- Parliament of the United Kingdom
- Long title: An Act to enable the Newport Dock Company to construct a new Dock and other Works; and for other Purposes.
- Citation: 17 & 18 Vict. c. clxxxv

Dates
- Royal assent: 24 July 1854

Text of statute as originally enacted

= Newport Docks =

Sea-port in south east Wales

Newport Docks is the collective name for a group of docks in the city of Newport, south-east Wales.

By the eighteenth century there were a number of wharves on the west shore of the River Usk; iron and coal were the principal outward traffic. The considerable tidal range and muddy banks made the wharves inconvenient, and as trade grew, the Town Dock was opened in 1842. It was extended to the north in 1858, and trade increased further.

The Alexandra (Newport) Dock Company was established and a large dock of the same name was opened in 1875, followed by the South Dock in 1893, which was greatly extended in 1907 and 1914. Newport Docks were said to have the largest extent of water in any dock in the world.

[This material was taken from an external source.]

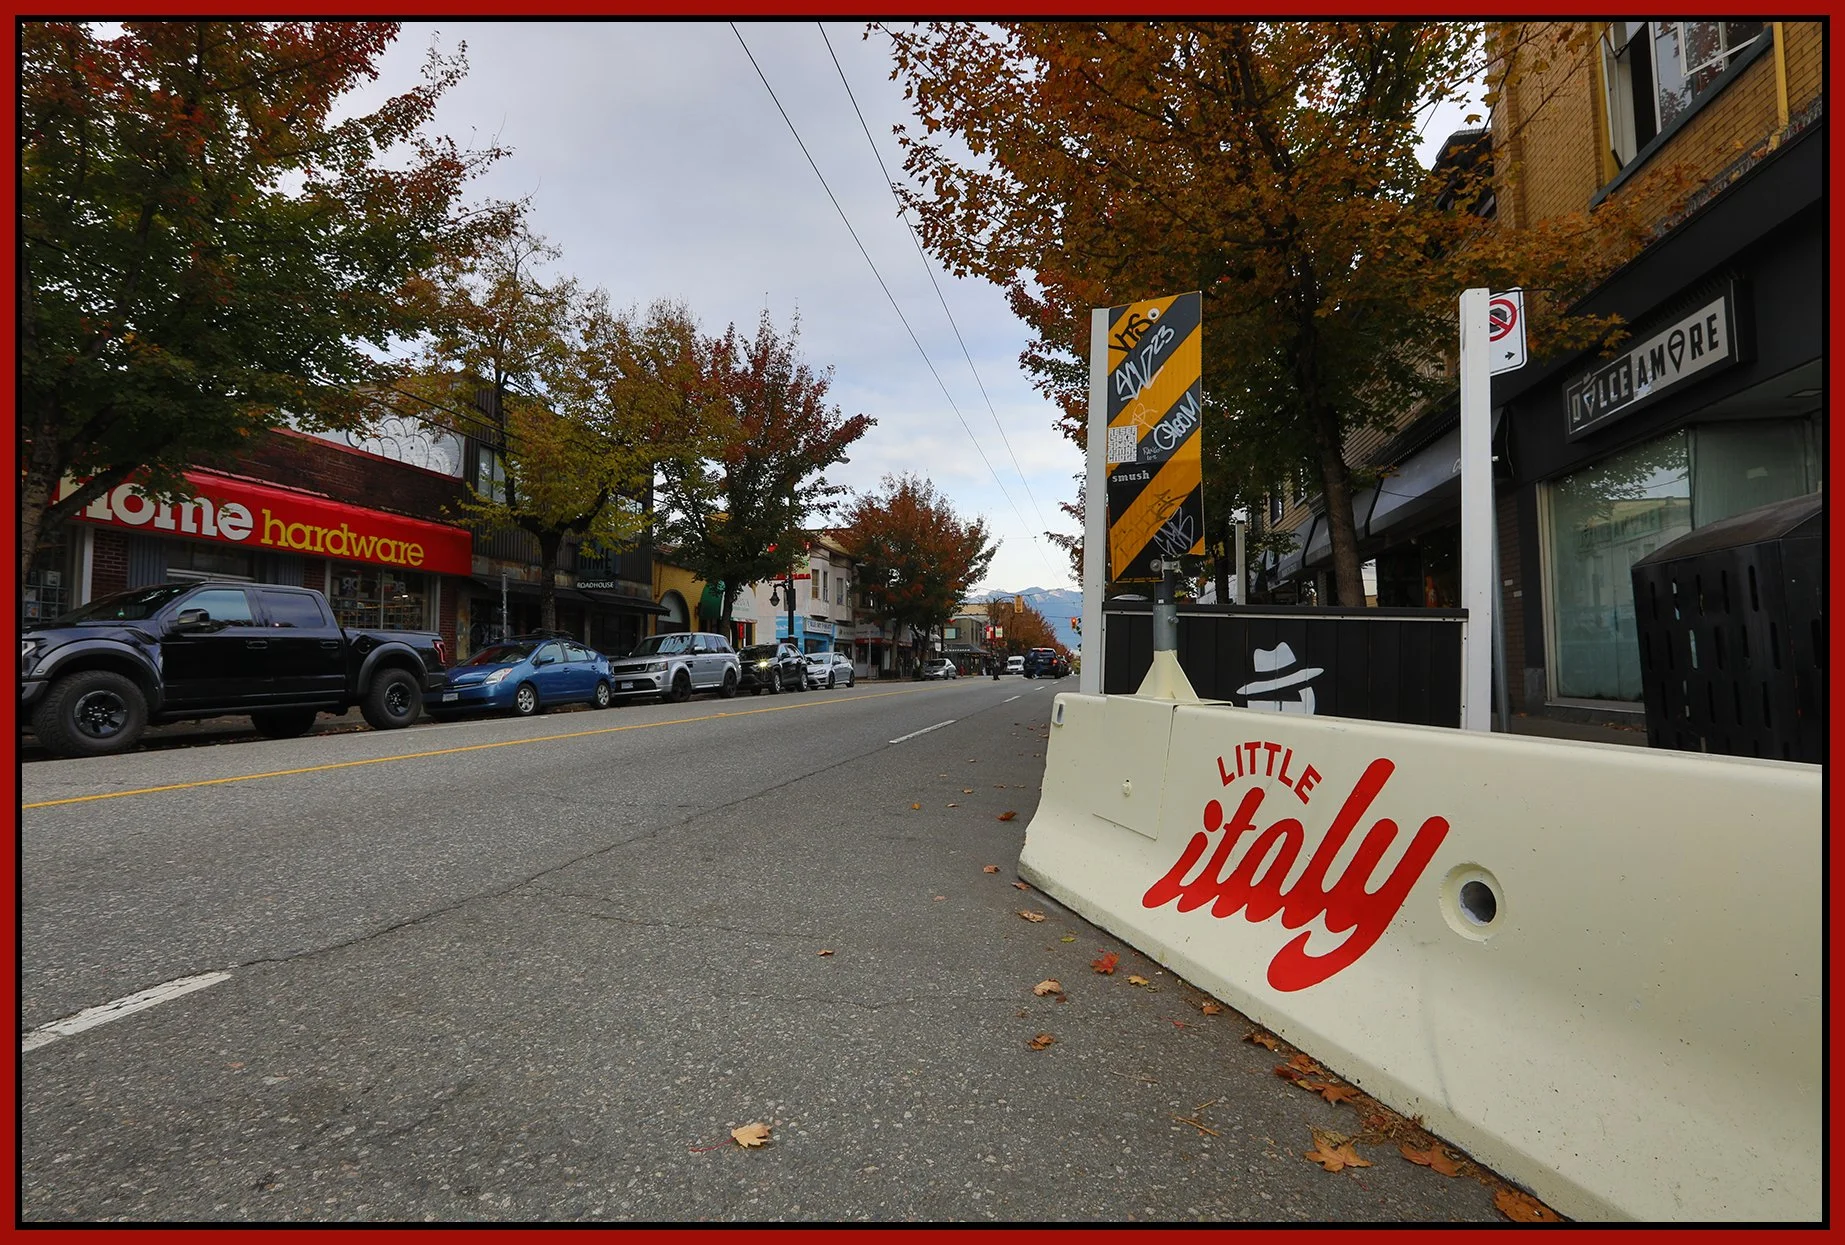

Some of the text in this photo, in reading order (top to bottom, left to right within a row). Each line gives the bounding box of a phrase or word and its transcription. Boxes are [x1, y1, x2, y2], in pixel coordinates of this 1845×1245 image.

The Town Dock has been filled in, but the Alexandra Dock system is still in use, although the vast mineral export traffic has long since ended.

==Explosives==

The current owners' (ABP) future plans for the docks refer to: '4.40 The Port of Newport holds one of the UK's largest explosives licences for a non-Ministry of Defence port. This has traditionally been important for the Port of Newport and will continue to play a part in the cargo mix, albeit not as a regular form of operational activity.'

A navigation guide, 'Ireland and the West Coast of England', published in 2004, refers to 'Explosive Anchorage Areas' and describes them as being 4 miles south-east from the port entrance, and that 48 hours' notice should be given to the port authorities.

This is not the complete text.